Ana-I love my silpat baking mats for using instead of parchment paper or aluminum foil. I use them for cookies, breads, pizza, roasting veggies, garlic potato wedges, breaded chicken, anything wrapped in pastry, etc. I also use them when covering things in chocolate, to lay things on as the chocolate hardens instead of waxed paper. I get so much use out of them, and they are still in perfect shape. I think they will last a very long time and replace a lot of disposables!

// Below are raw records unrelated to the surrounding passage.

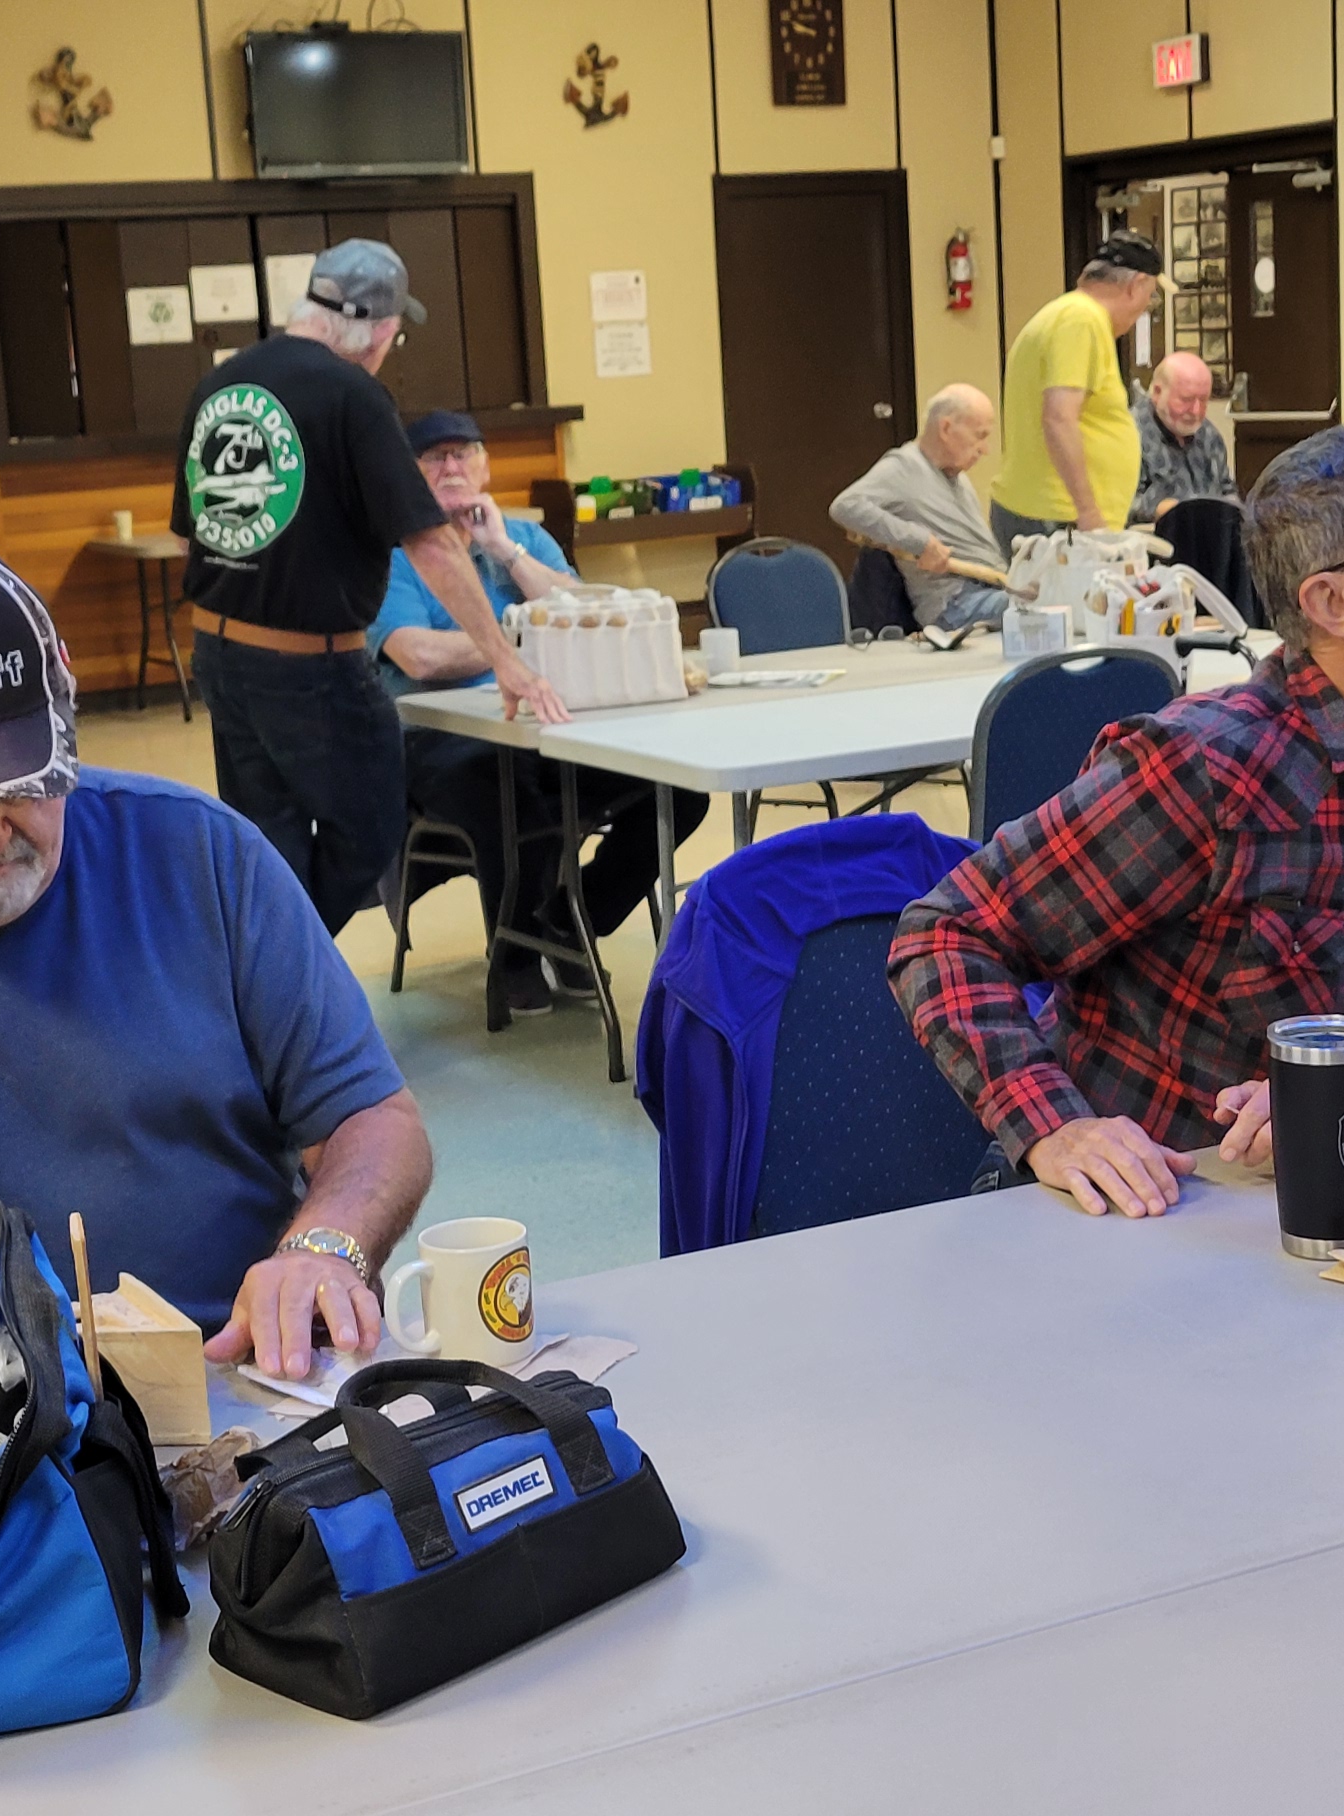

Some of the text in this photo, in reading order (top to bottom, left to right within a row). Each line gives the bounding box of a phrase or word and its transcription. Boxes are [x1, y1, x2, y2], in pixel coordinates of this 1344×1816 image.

[188, 391, 298, 470] DOUGLAS DC-3
[465, 1470, 545, 1517] DREMEL
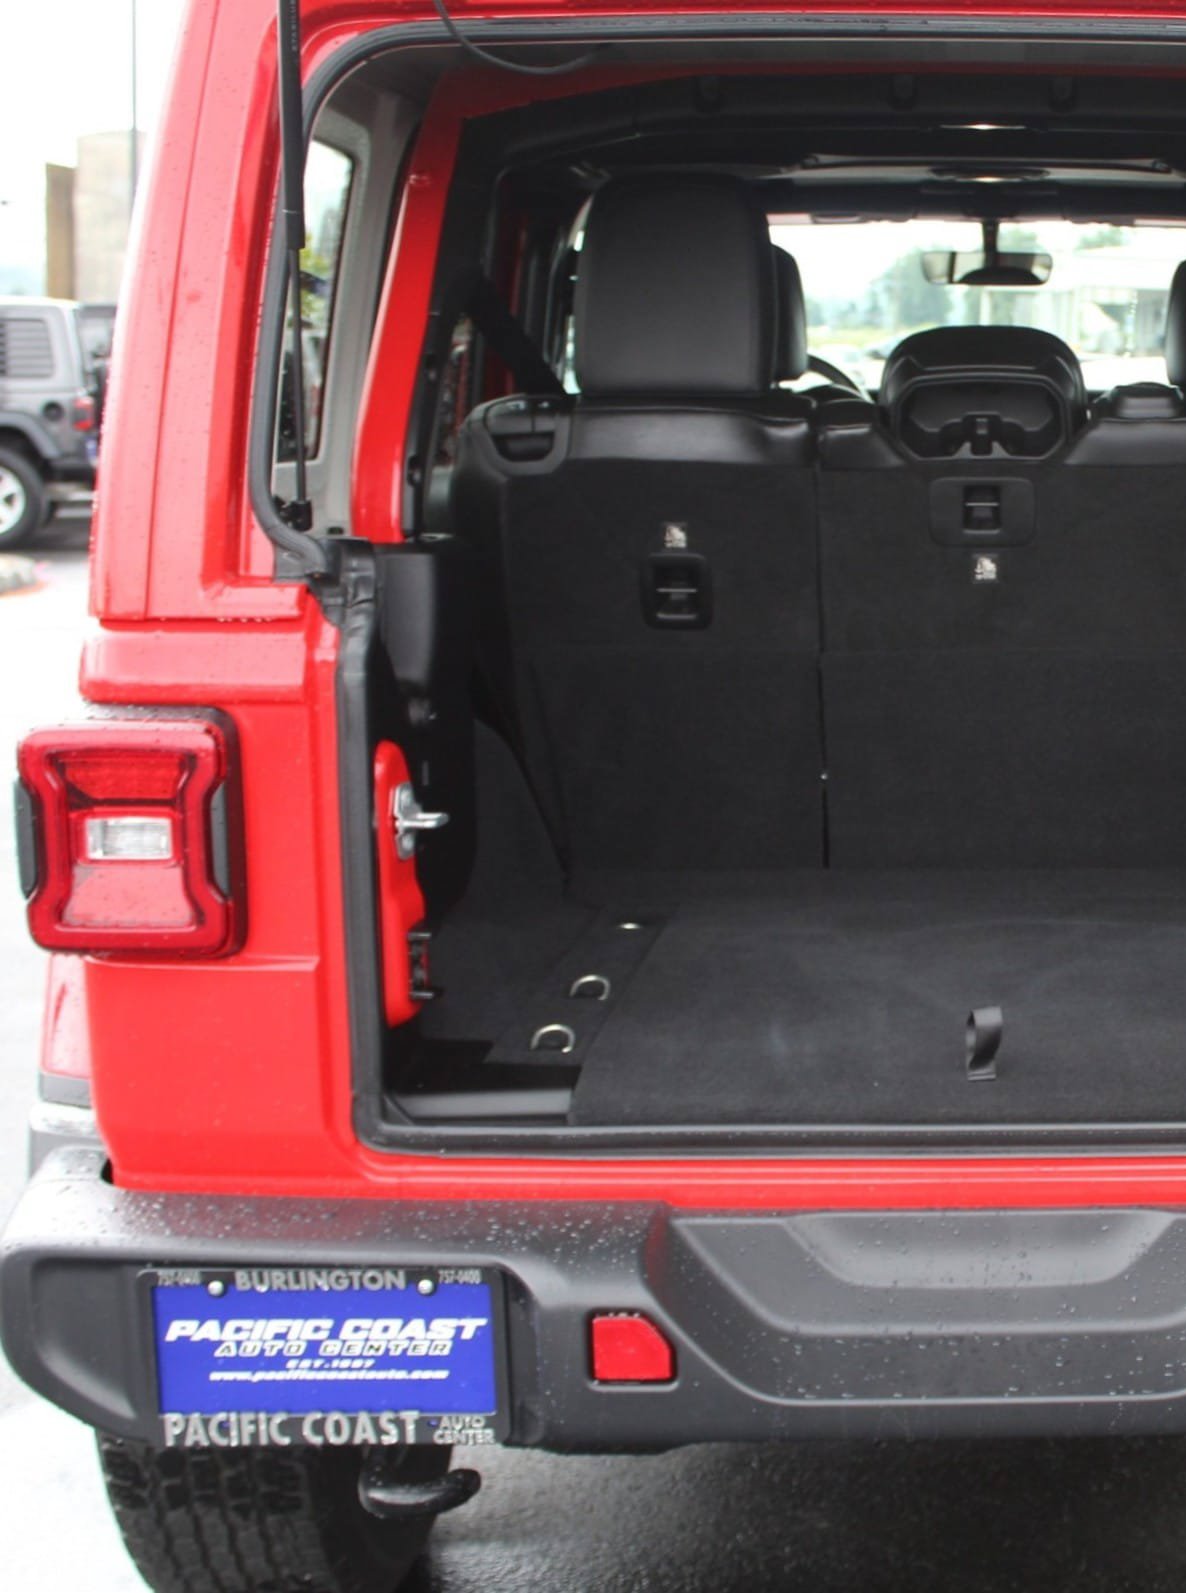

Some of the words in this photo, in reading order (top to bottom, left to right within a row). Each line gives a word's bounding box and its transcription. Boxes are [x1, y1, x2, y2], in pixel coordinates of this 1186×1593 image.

[235, 1270, 406, 1291] BURLINGTON
[165, 1318, 334, 1341] PACIFIC
[339, 1318, 488, 1340] COAST
[214, 1340, 307, 1357] AUTO
[319, 1340, 453, 1356] CENTER
[164, 1411, 291, 1447] PACIFIC
[303, 1410, 419, 1445] COAST
[439, 1415, 485, 1429] AUTO
[433, 1429, 496, 1445] CENTER
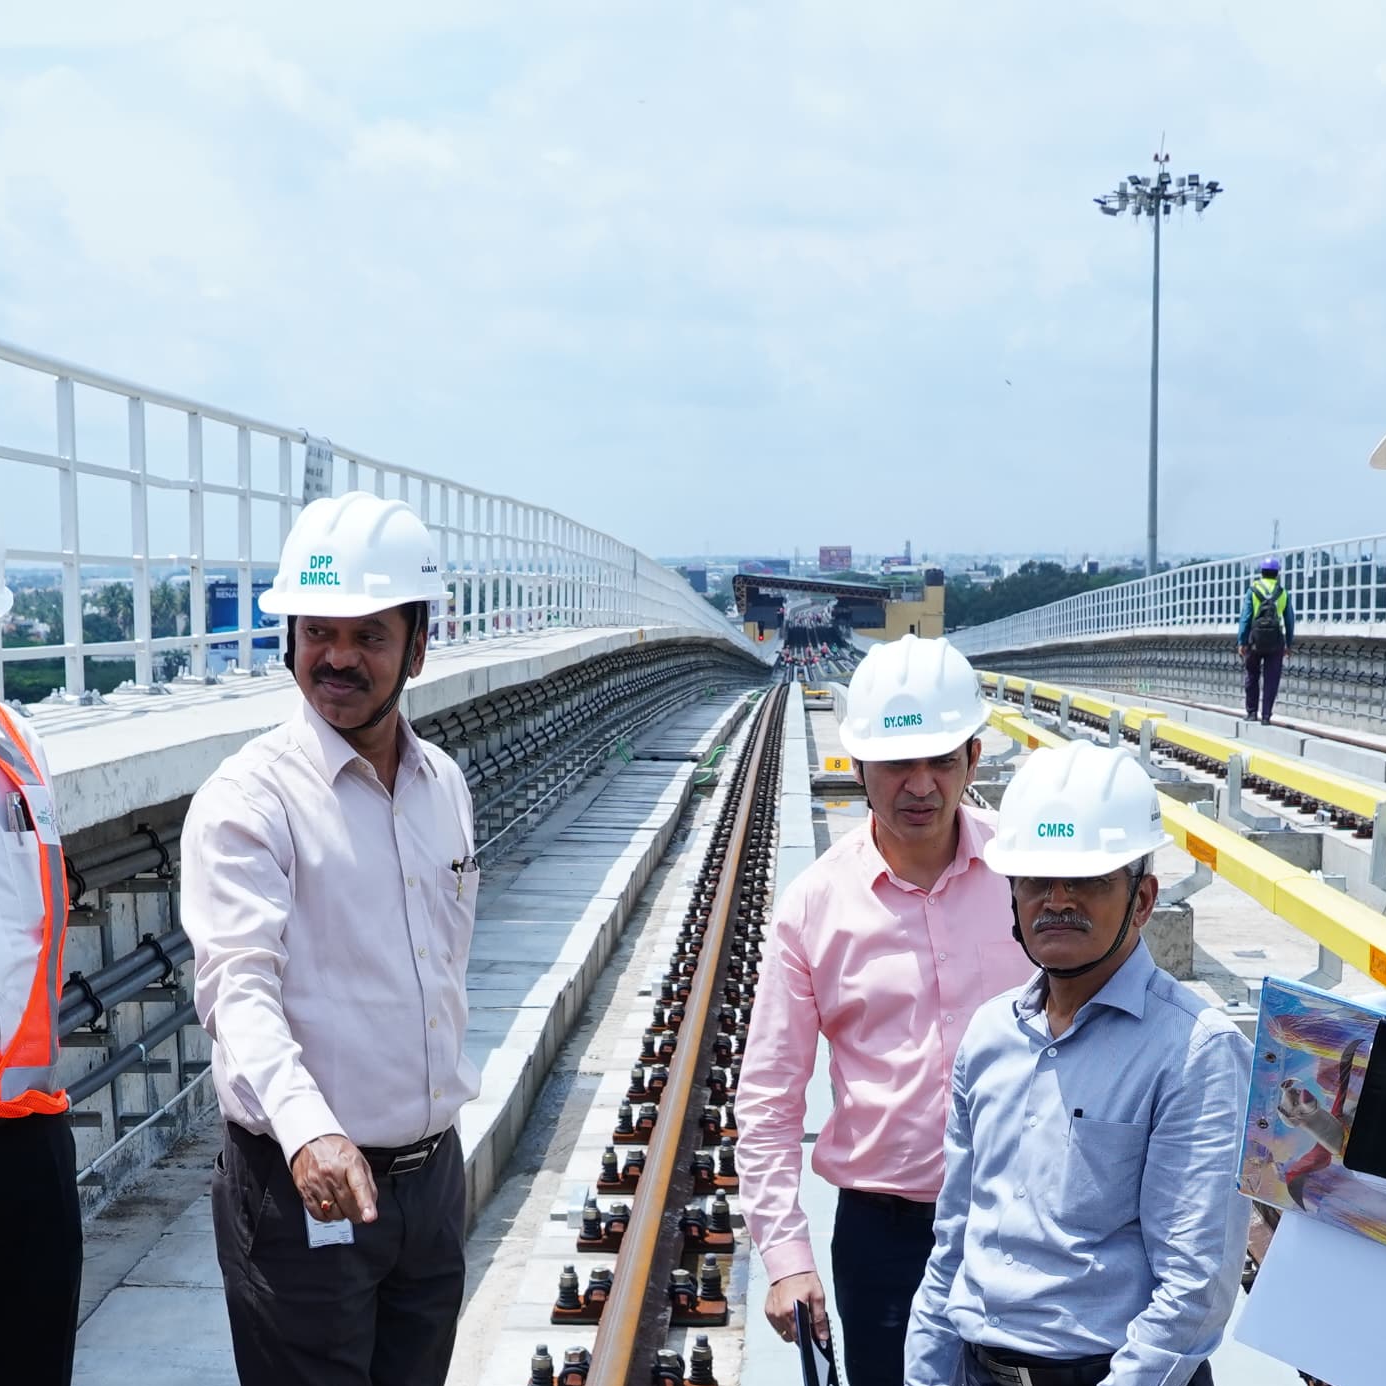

For me, I use what my mother in law does. I rinse my produce as soon as I get it and let it dry on my dish rack. When its dry, I wrap it in a kitchen towel and store it in a casserole dish. Kale, romaine, chard, and spinach have all responded well to this. Herbs moderately so, and I have found better results putting them in water. I do think it has something to do with the humidity - you can try adjusting the humidity in your crisper (on my cheap fridge the 'humidity adjustment' is moving a plastic bar to reveal or conceal a hole through which the fridge air can get through.
Ok, I tried the bags too with no success. My bread suffered from freezer burn and then dried out on the counter in my wooden bread box. I think the fabric leeches the moisture from the bread. I have found the perfect solution for me - an old fashioned tin 2 TIER CAKE & PIE CARRIER! I keep my bread in the bottom cake compartment and rotate homemade cup cakes, cookies, biscuits , muffins, tortillas or pie ( shocking I know) in the top pie compartment. My bread and baked goods are now always perfect. I have a glass cake stand I reserve for glorious cake. I haven't solved the freezer issue so we only buy one loaf of bread for the kids school lunches and I pack dinner leftovers for myself and hubby as we have access to a microwave at work.
If it got hard (not stale) just warmer up in the oven. Just drizzle water over it and warm it up. Now if it is also stale...bird food or bread crumbs. My husband makes bread every once in a while. He makes a small loaf so it doesn't become waste.